Task statement: Without including any images, repeat the data exactly.

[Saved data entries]
------------------------

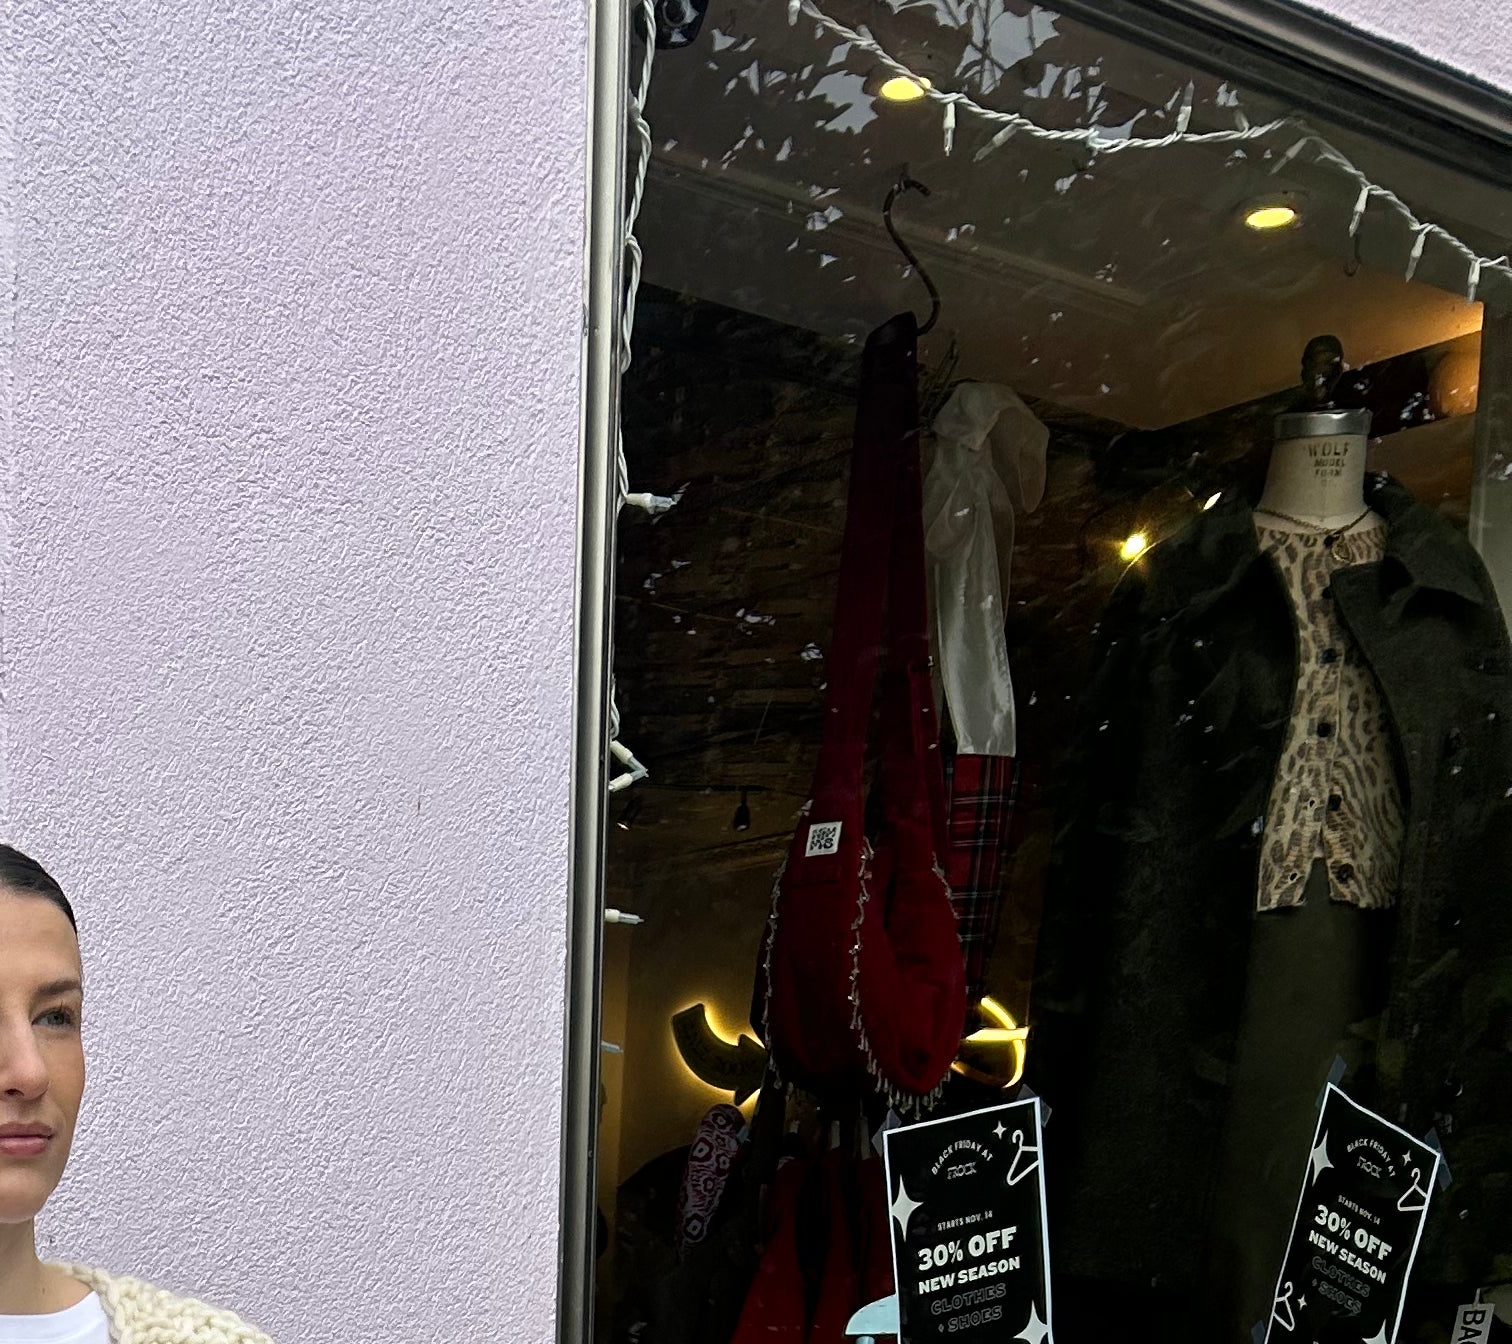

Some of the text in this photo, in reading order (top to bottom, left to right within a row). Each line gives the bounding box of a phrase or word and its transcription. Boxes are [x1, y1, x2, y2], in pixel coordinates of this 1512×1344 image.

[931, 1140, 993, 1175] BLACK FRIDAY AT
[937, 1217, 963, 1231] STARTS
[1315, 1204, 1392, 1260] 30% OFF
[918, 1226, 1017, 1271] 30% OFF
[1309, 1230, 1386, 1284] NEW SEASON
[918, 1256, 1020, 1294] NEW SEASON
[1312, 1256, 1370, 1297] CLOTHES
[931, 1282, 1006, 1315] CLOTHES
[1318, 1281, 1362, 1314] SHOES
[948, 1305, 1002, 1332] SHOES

------------------------

Output for this exercise:
Some of the text in this photo, in reading order (top to bottom, left to right within a row). Each line gives the bounding box of a phrase or word and its transcription. Boxes are [x1, y1, x2, y2], in pixel coordinates of this 1512×1344 image.

[931, 1140, 993, 1175] BLACK FRIDAY AT
[937, 1217, 963, 1231] STARTS
[1315, 1204, 1392, 1260] 30% OFF
[918, 1226, 1017, 1271] 30% OFF
[1309, 1230, 1386, 1284] NEW SEASON
[918, 1256, 1020, 1294] NEW SEASON
[1312, 1256, 1370, 1297] CLOTHES
[931, 1282, 1006, 1315] CLOTHES
[1318, 1281, 1362, 1314] SHOES
[948, 1305, 1002, 1332] SHOES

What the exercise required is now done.